**Prompt:** The response should be an exact copy of the records, with the pictures removed.

**Source data:**

━━━━━━

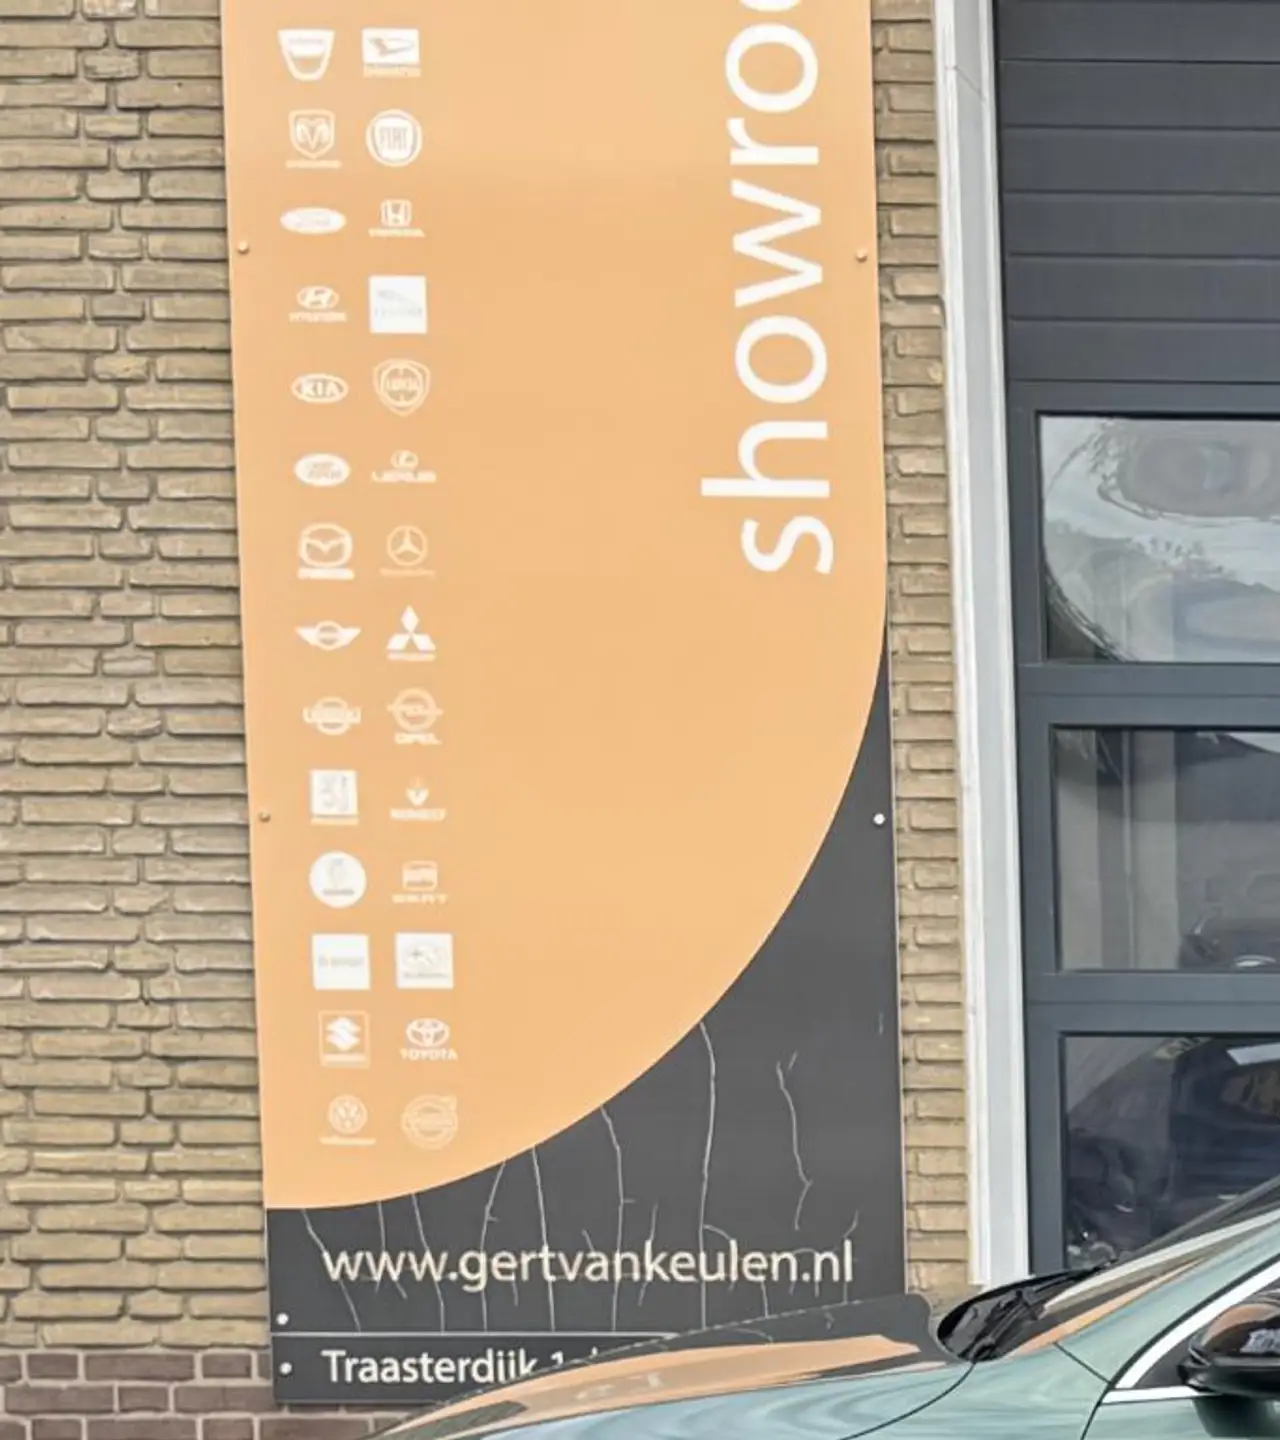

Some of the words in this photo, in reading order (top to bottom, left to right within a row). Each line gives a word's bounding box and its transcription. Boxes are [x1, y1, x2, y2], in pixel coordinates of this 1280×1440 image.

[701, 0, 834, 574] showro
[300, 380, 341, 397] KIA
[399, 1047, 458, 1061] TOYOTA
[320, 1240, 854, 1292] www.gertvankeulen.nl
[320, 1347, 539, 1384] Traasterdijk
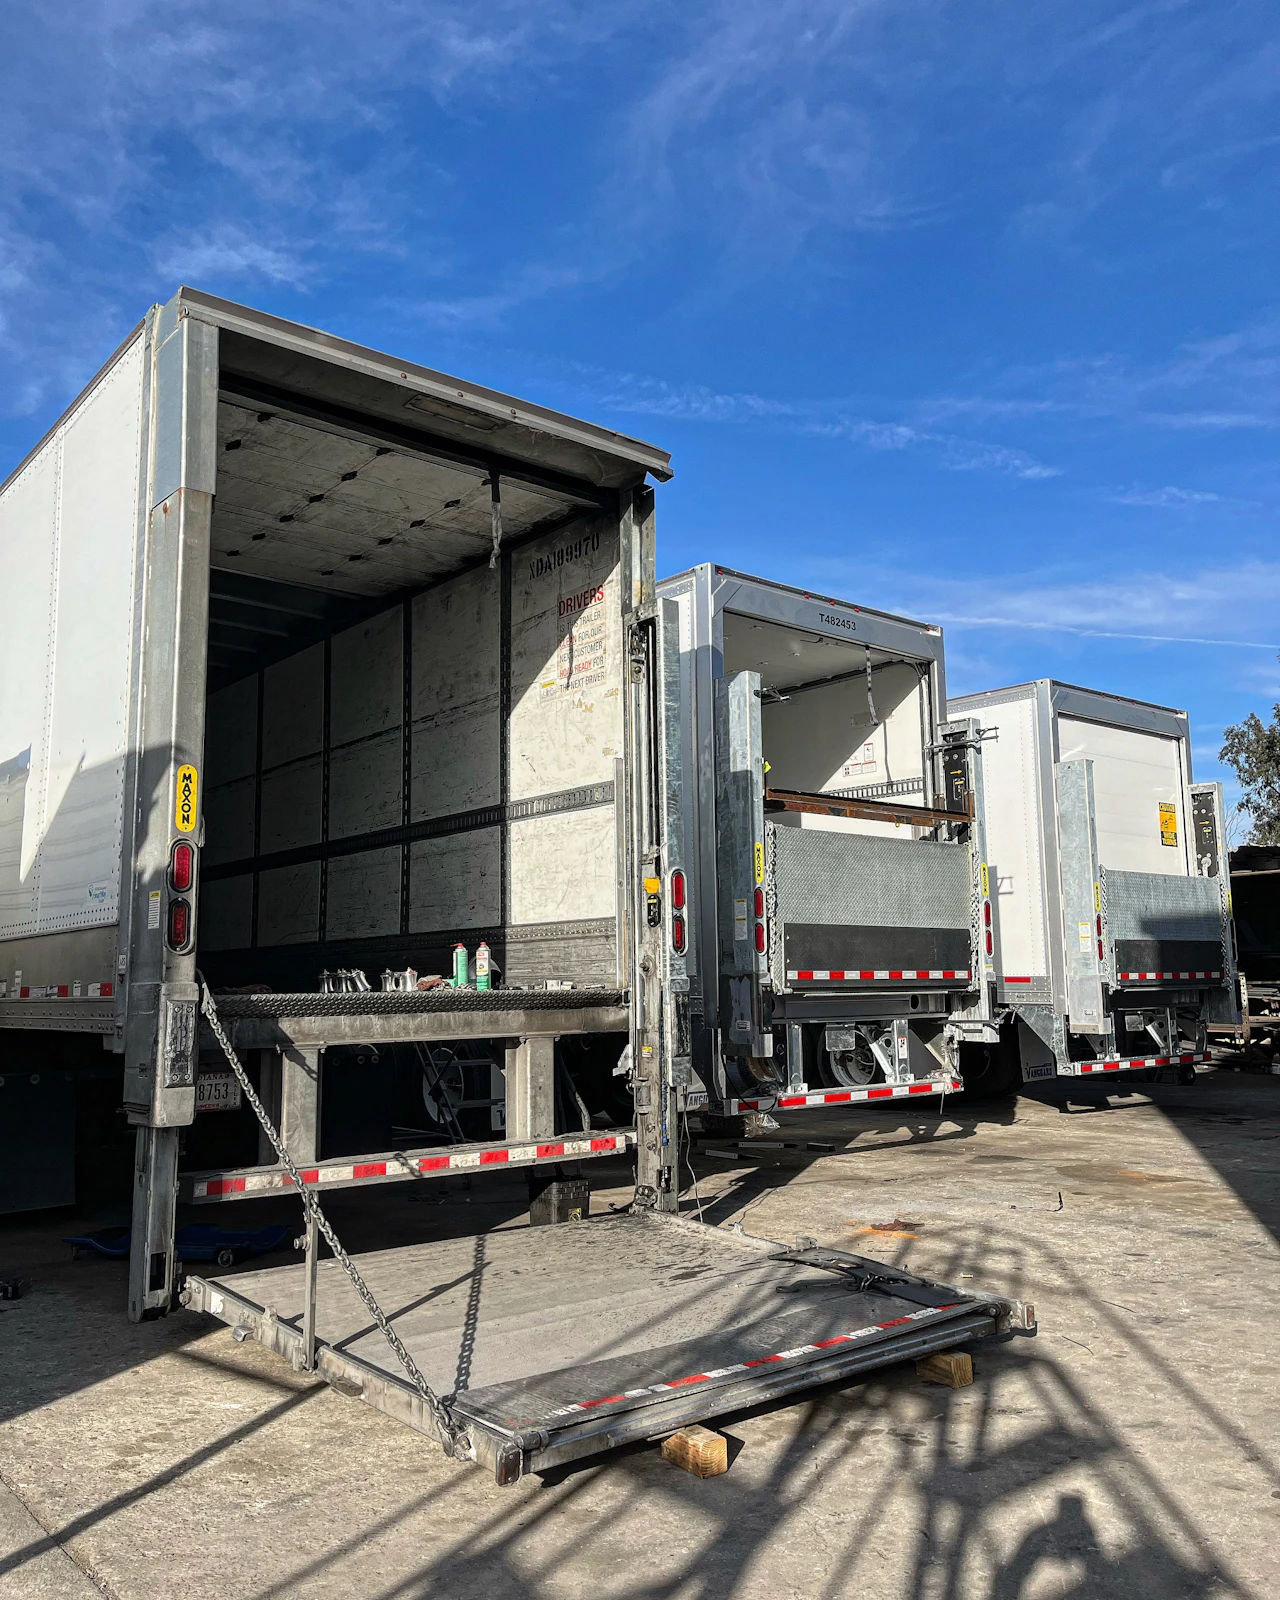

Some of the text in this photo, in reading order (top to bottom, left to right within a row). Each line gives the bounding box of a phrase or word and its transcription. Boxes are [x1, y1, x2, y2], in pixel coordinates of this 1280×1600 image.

━━━━━━

**Result below:**
Some of the words in this photo, in reading order (top to bottom, left to right within a row). Each line gives a word's bounding box and its transcription. Boxes are [x1, y1, x2, y2], in pixel coordinates of this 1280×1440 image.

[701, 0, 834, 574] showro
[300, 380, 341, 397] KIA
[399, 1047, 458, 1061] TOYOTA
[320, 1240, 854, 1292] www.gertvankeulen.nl
[320, 1347, 539, 1384] Traasterdijk

Some of the text in this photo, in reading order (top to bottom, left to right within a row). Each line gives the bounding box of a phrase or word and its transcription. Boxes are [x1, y1, x2, y2], in pixel coordinates of this 1280×1600 image.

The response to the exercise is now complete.